R/fuzzyq.R
In FuzzyQ: Fuzzy Quantification of Common and Rare Species

Documented in fuzzyq

#' Fuzzy Quantification of Common and Rare Species in Ecological Communities
#'
#' Perform fuzzy clustering of each species based on their abundance and
#' occupancy.
#' @param M A matrix or data frame of species abundances (columns). Each row
#'   represents a site.
#' @param diss String. Specify the dissimilarity coefficient to be used. Default
#'   is "gower". See \code{\link[cluster]{daisy}} in package \code{cluster} for
#'   other choices.
#' @param rm.absent Logical. Whether or not absent species are to be removed
#'   from the calculations.
#' @param sorting Logical. If \code{TRUE} (the default) species are sorted in
#'   the output by ascending silhouette widths within each cluster, else species
#'   are arranged in the same order as in the input matrix or data frame.
#' @param keep.Diss Logical. Whether or not the species dissimilarity matrix
#'   shoudl be returned.
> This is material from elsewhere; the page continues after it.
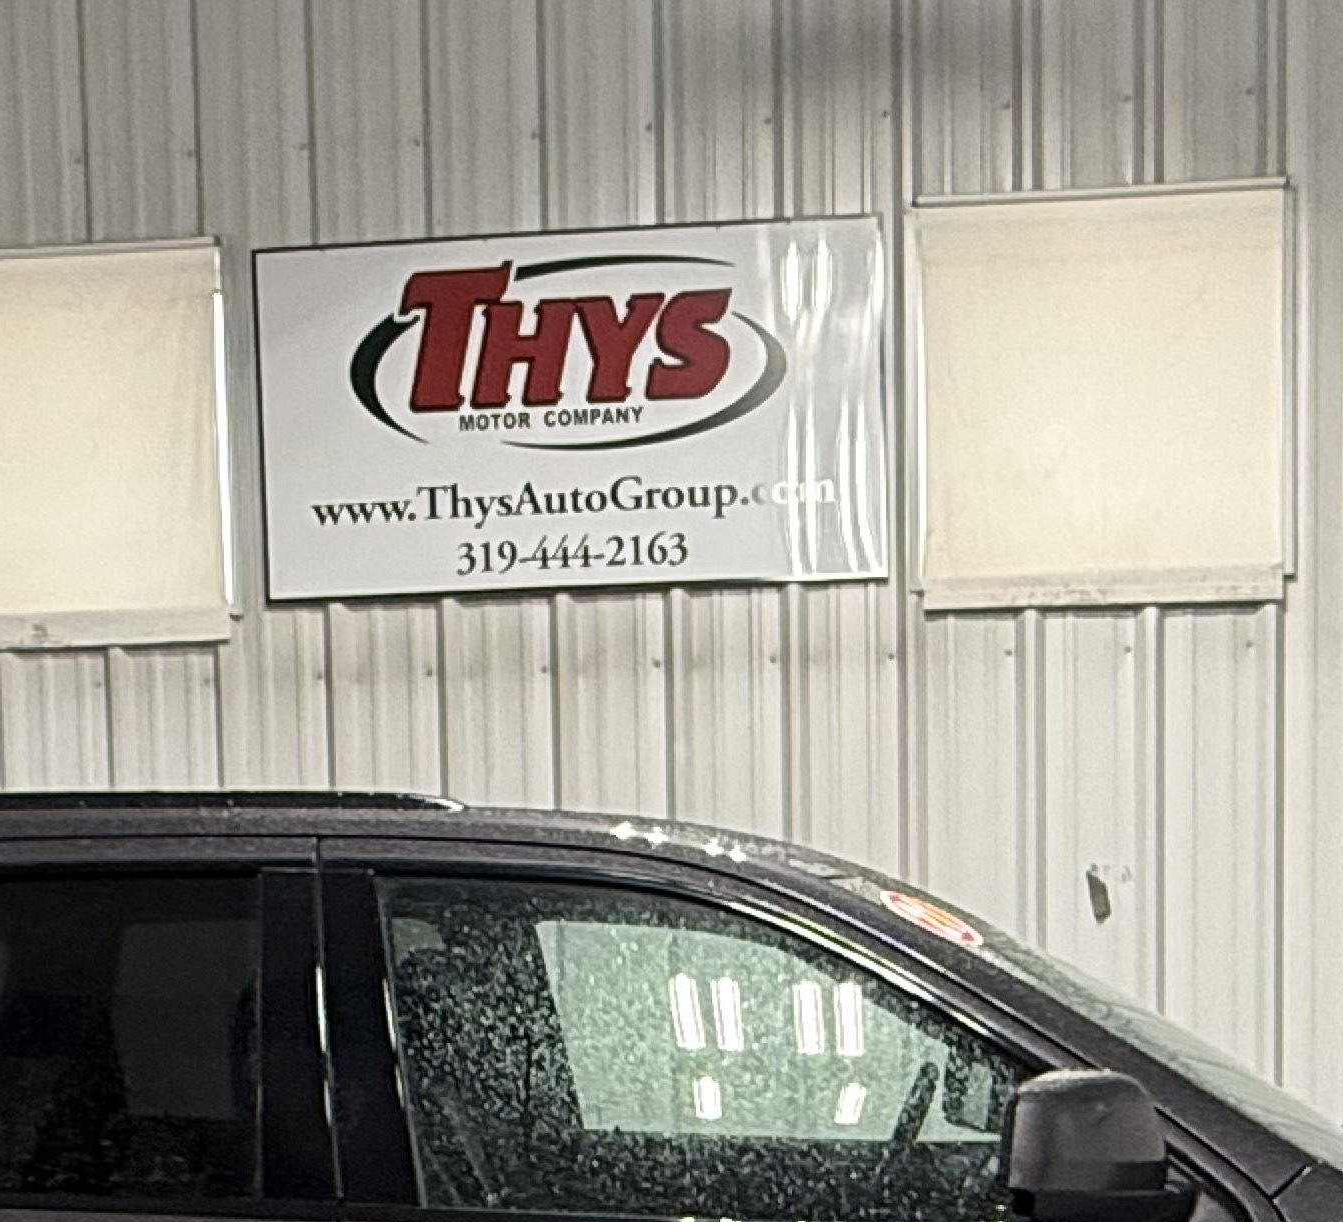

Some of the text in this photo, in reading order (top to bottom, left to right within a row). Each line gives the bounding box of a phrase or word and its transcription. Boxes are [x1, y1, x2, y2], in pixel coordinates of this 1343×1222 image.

[399, 260, 733, 413] THYS
[459, 406, 644, 431] MOTOR COMPANY
[456, 531, 689, 576] 319-444-2163
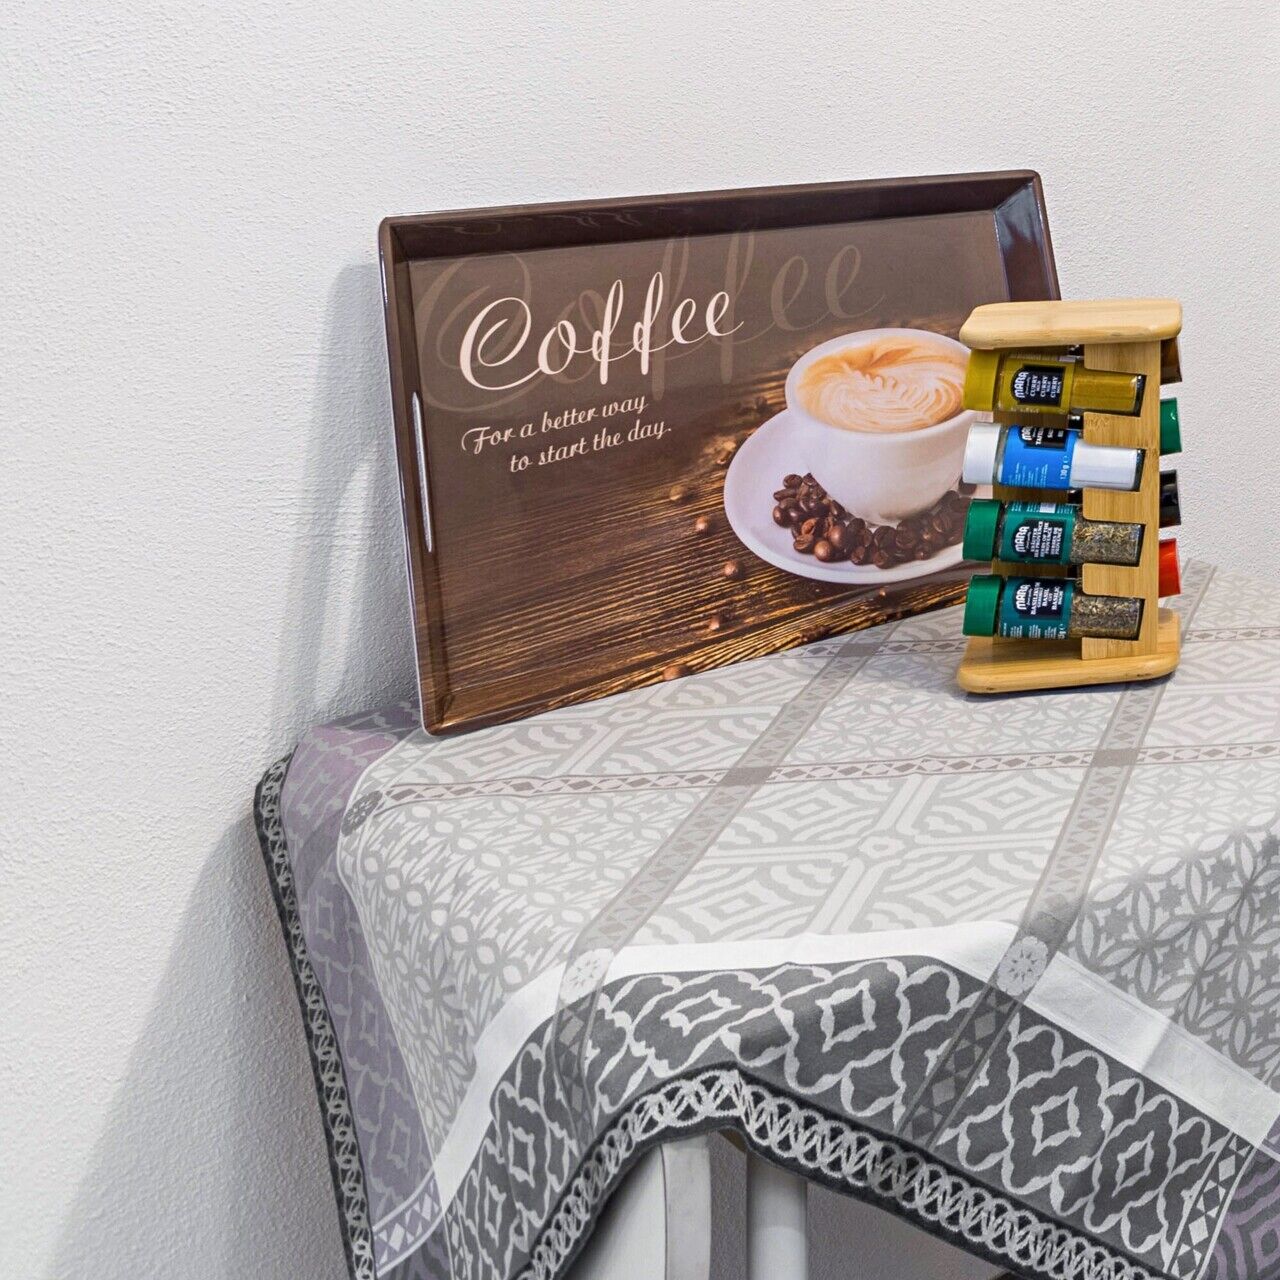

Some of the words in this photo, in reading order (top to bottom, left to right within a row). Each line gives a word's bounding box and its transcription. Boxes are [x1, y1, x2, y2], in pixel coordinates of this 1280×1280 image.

The default is \code{FALSE}.
#' @param std Logical. Whether or not the measurements of occupancy and
#'   abundance are to be standardized before calculating the dissimilarities.
#'   Measurements are standardized for each variable (column), by subtracting
#'   the variable's mean value and dividing by the variable's mean absolute
#'   deviation. It only takes effect if \code{diss} is different from "gower".
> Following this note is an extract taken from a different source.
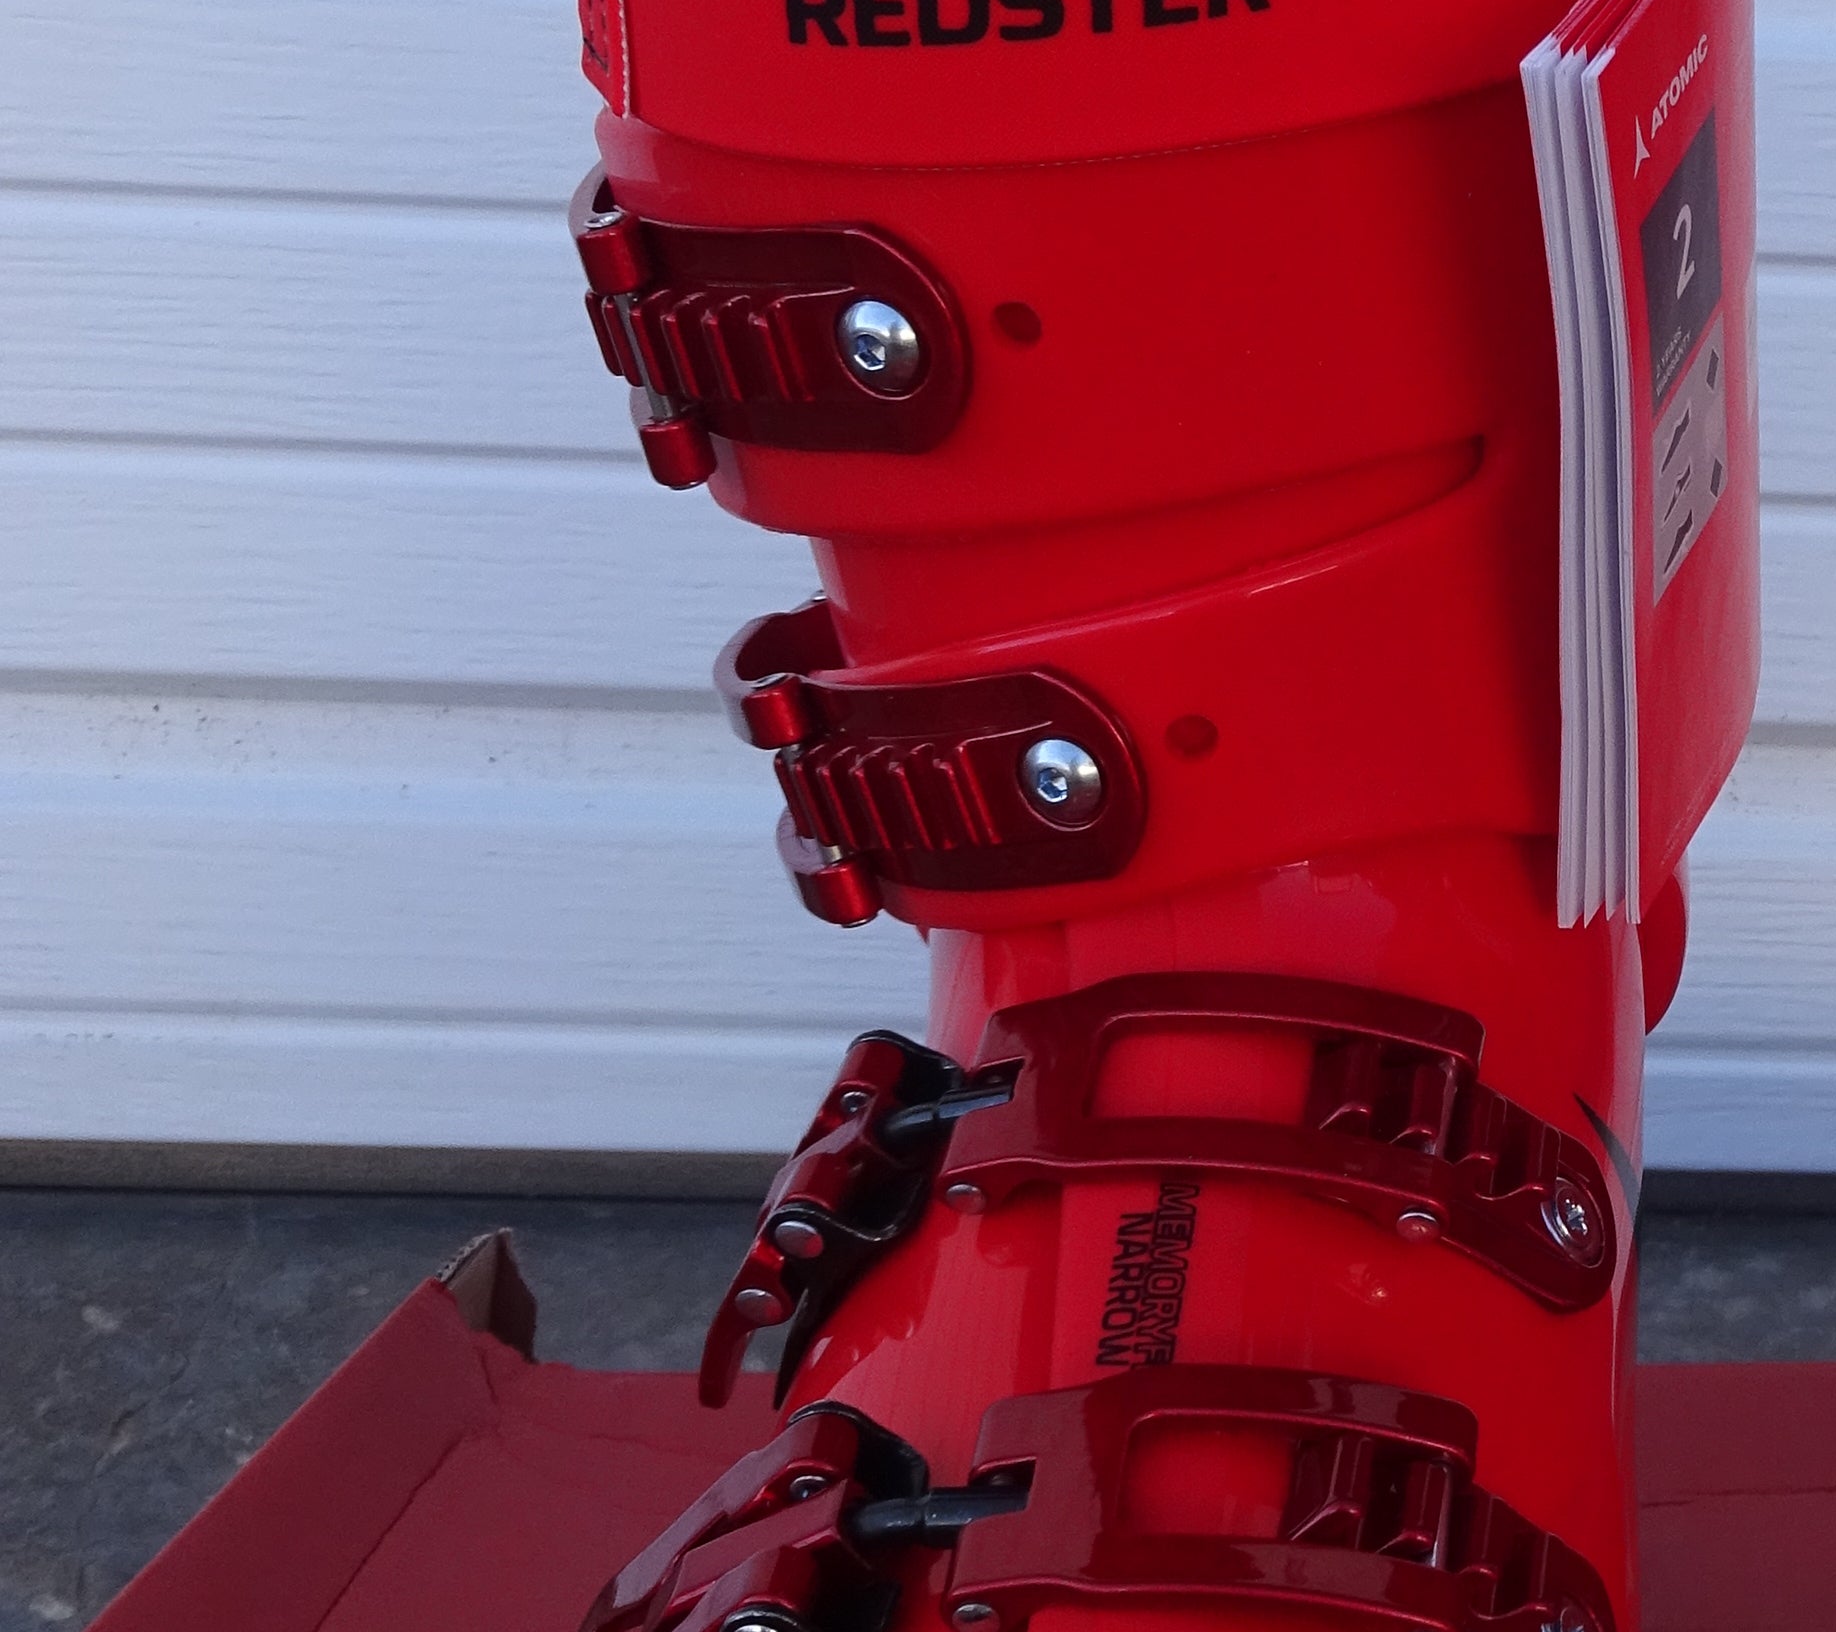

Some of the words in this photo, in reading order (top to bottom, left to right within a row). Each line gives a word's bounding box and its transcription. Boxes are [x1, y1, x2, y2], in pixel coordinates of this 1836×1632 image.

[1651, 34, 1708, 139] ATOMIC
[1673, 204, 1695, 300] 2
[1096, 1212, 1156, 1366] NARROW
[1131, 1182, 1200, 1369] MEMORYF
#' @param wgts an optional numeric vector of length 2. To be used if diss =
#'   "gower", specifying weights for occupancy and abundance, respectively.
#'   Default is 1 each as in Gower's original formula.
#' @param ... Arguments to be passed to function \code{fanny} in package
#'   \code{cluster}.
#' @export
#' @return A list of class \code{fuzzyq} containing the following: \describe{
#'   \item{\code{A_O}}{Abundance-occupancy information for each species.}
#'   \item{\code{Diss}}{Object of class dist with pairwise dissimilarities among
#'   species based on A_O. (only if \code{keep.Diss = TRUE)}.}
#'   \item{\code{spp}}{Clustering metrics per species: Cluster membership (where
#'   0 and 1 denote allocation to the rare and common category, respectively),
#'   Silhouette Widths and Commonness Indices).} \item{\code{global}}{Community
#'   level clustering metrics: Average silhouette widths per cluster and
#'   globally, Mean commonness indices per cluster and Normalized Dunn's
#'   coefficient.} }
#' @seealso \code{\link[cluster]{fanny}} and \code{\link[cluster]{daisy}} in
#' package \code{cluster}
#' @examples
#' data(antsA)
#' FQAnts <- fuzzyq(antsA, sorting = TRUE)

fuzzyq <- function(M, diss = "gower", rm.absent = FALSE, sorting = TRUE,
                   keep.Diss = FALSE, std = FALSE, wgts = c(1,1), ...) {
  if (length(dim(M)) != 2 || !(is.data.frame(M) || is.numeric(M)))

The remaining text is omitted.